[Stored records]
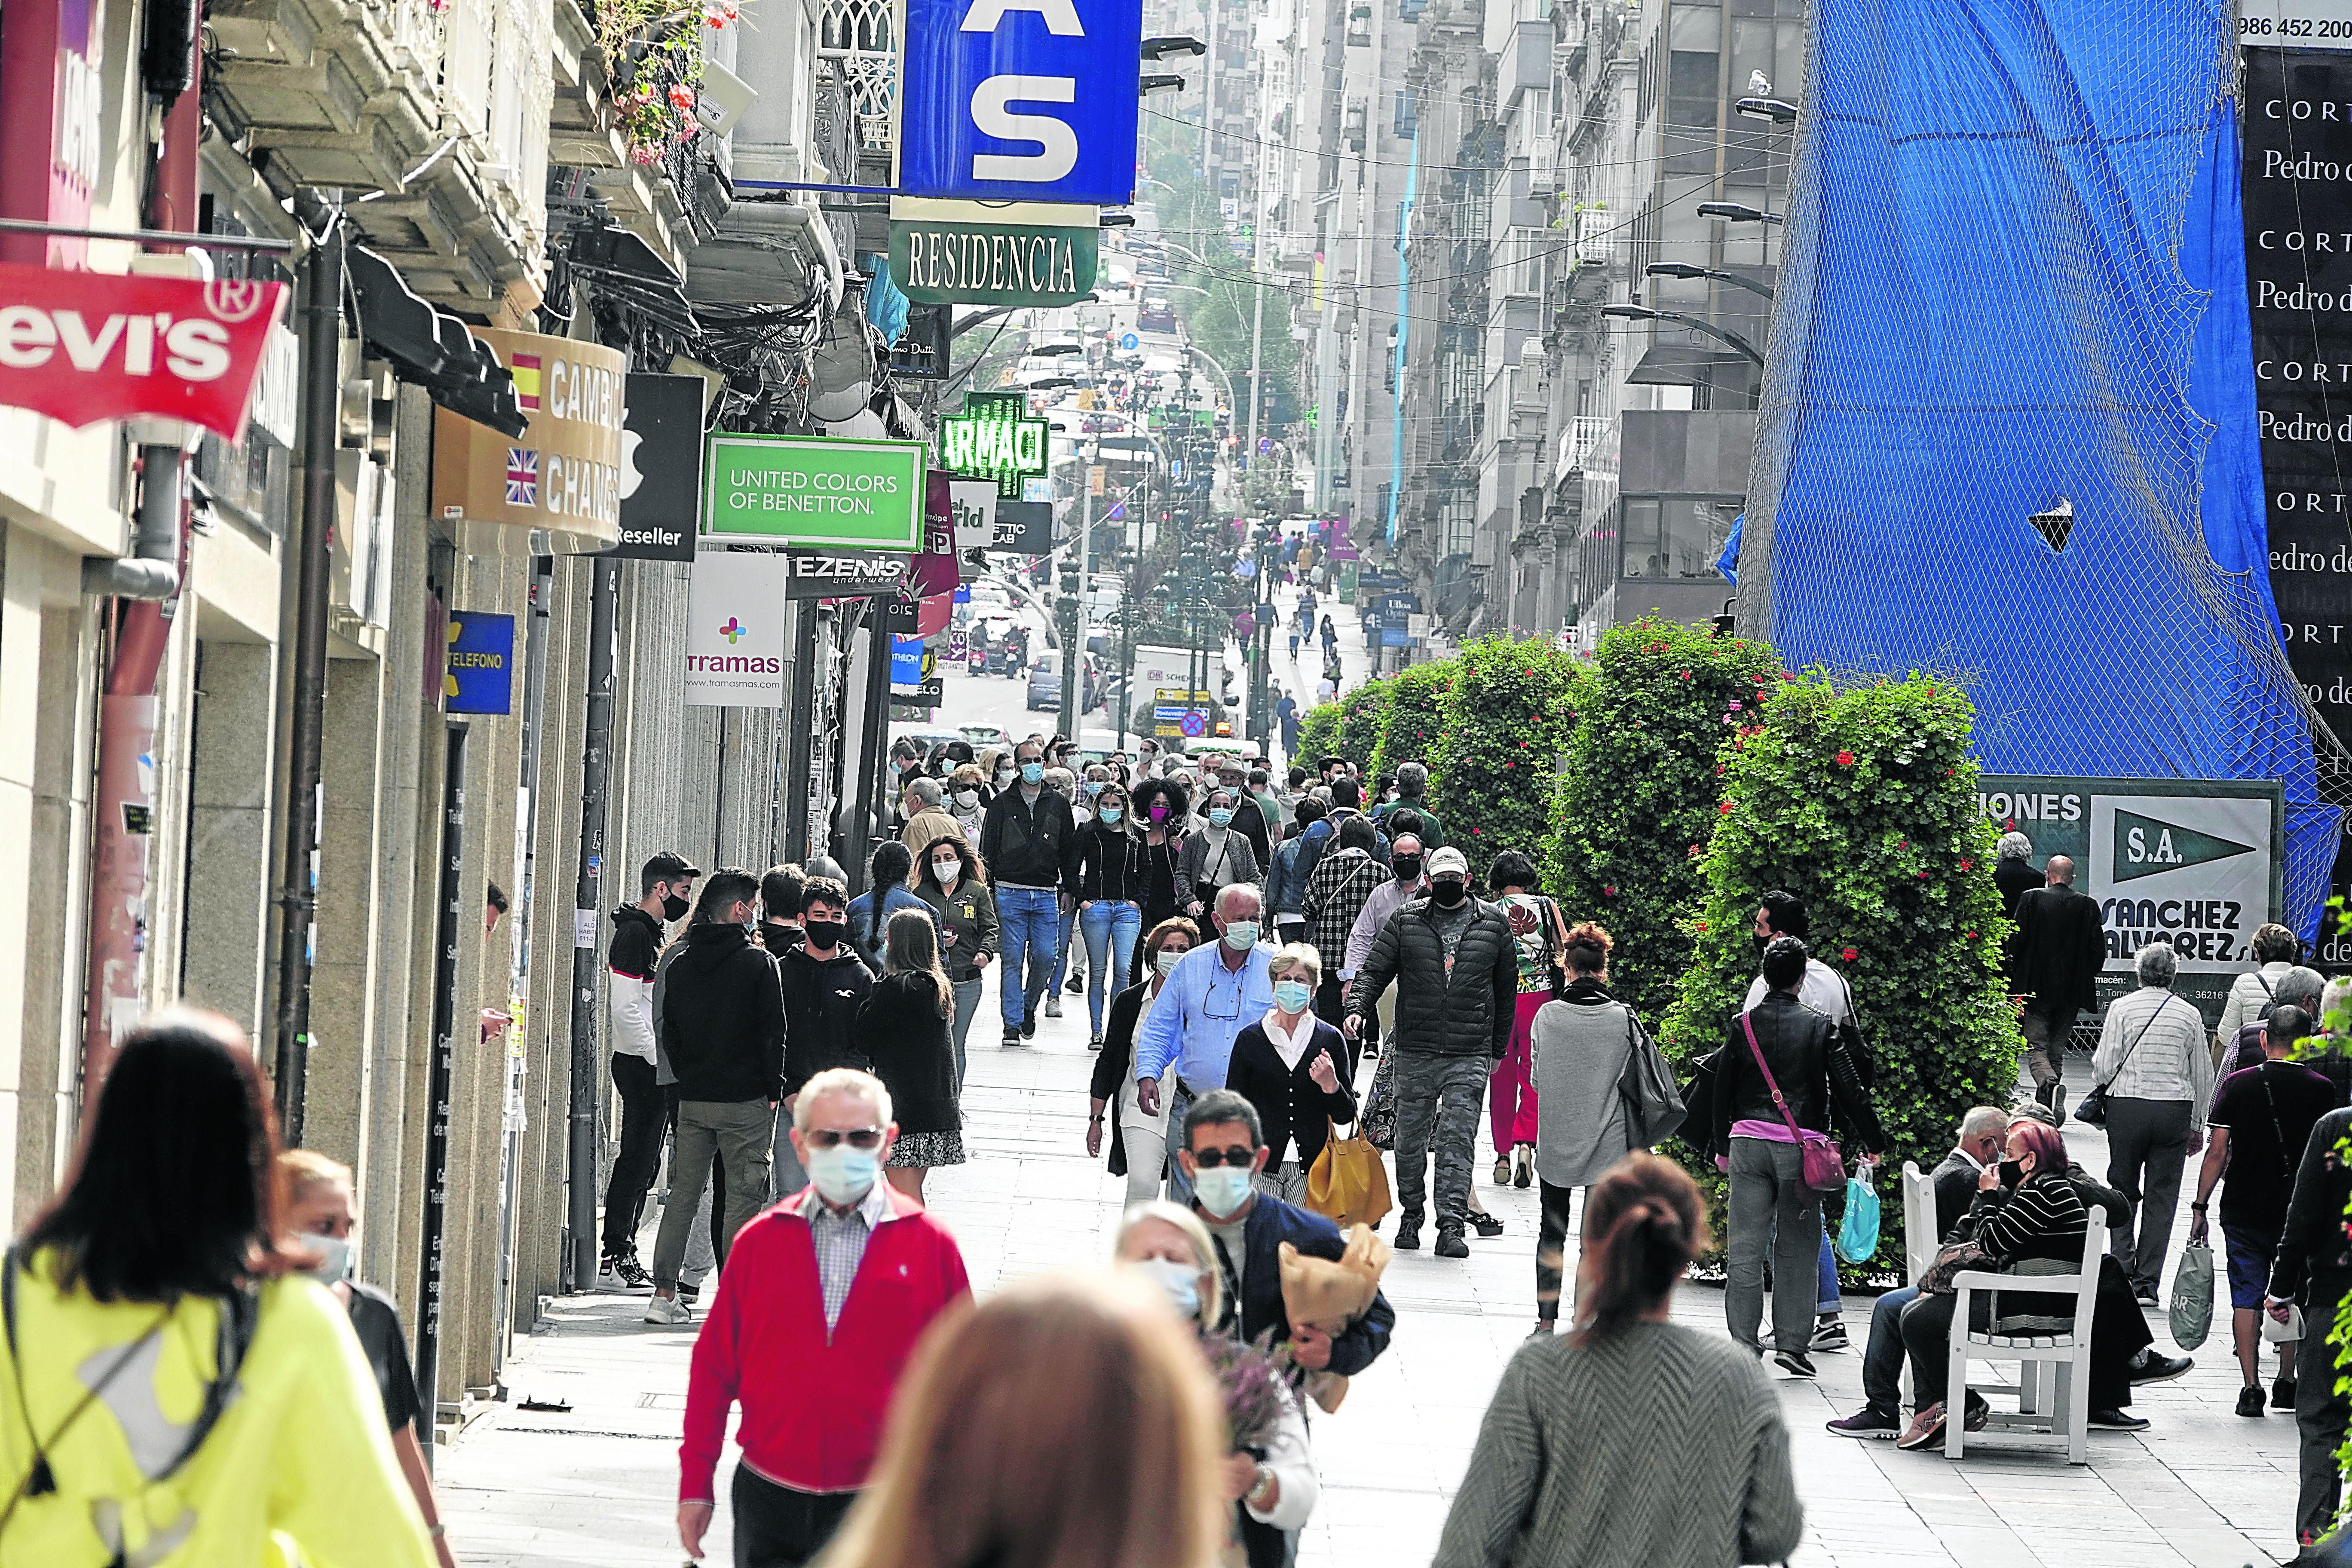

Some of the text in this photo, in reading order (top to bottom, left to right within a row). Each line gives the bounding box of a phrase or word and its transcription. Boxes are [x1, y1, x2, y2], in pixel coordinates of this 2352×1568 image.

[2240, 18, 2352, 38] 986 452 200
[2262, 150, 2339, 181] Pedro
[908, 232, 1078, 294] RESIDENCIA
[2256, 280, 2333, 312] Pedro
[910, 343, 935, 354] Dutti
[2258, 410, 2332, 442] Pedro
[731, 470, 898, 493] UNITED COLORS
[729, 491, 874, 515] OF BENETTON.
[617, 526, 682, 546] Reseller
[2269, 543, 2326, 572] edro
[833, 576, 898, 584] underwear
[447, 652, 502, 669] TELEFONO
[2127, 827, 2183, 863] S.A.
[2095, 975, 2126, 984] macén:
[2195, 990, 2223, 999] 36216

● **Work request**: Output each entry verbatim; none of the pictures should be included.

● **Result for this exercise**:
Some of the text in this photo, in reading order (top to bottom, left to right within a row). Each line gives the bounding box of a phrase or word and its transcription. Boxes are [x1, y1, x2, y2], in pixel coordinates of this 2352×1568 image.

[2240, 18, 2352, 38] 986 452 200
[2262, 150, 2339, 181] Pedro
[908, 232, 1078, 294] RESIDENCIA
[2256, 280, 2333, 312] Pedro
[910, 343, 935, 354] Dutti
[2258, 410, 2332, 442] Pedro
[731, 470, 898, 493] UNITED COLORS
[729, 491, 874, 515] OF BENETTON.
[617, 526, 682, 546] Reseller
[2269, 543, 2326, 572] edro
[833, 576, 898, 584] underwear
[447, 652, 502, 669] TELEFONO
[2127, 827, 2183, 863] S.A.
[2095, 975, 2126, 984] macén:
[2195, 990, 2223, 999] 36216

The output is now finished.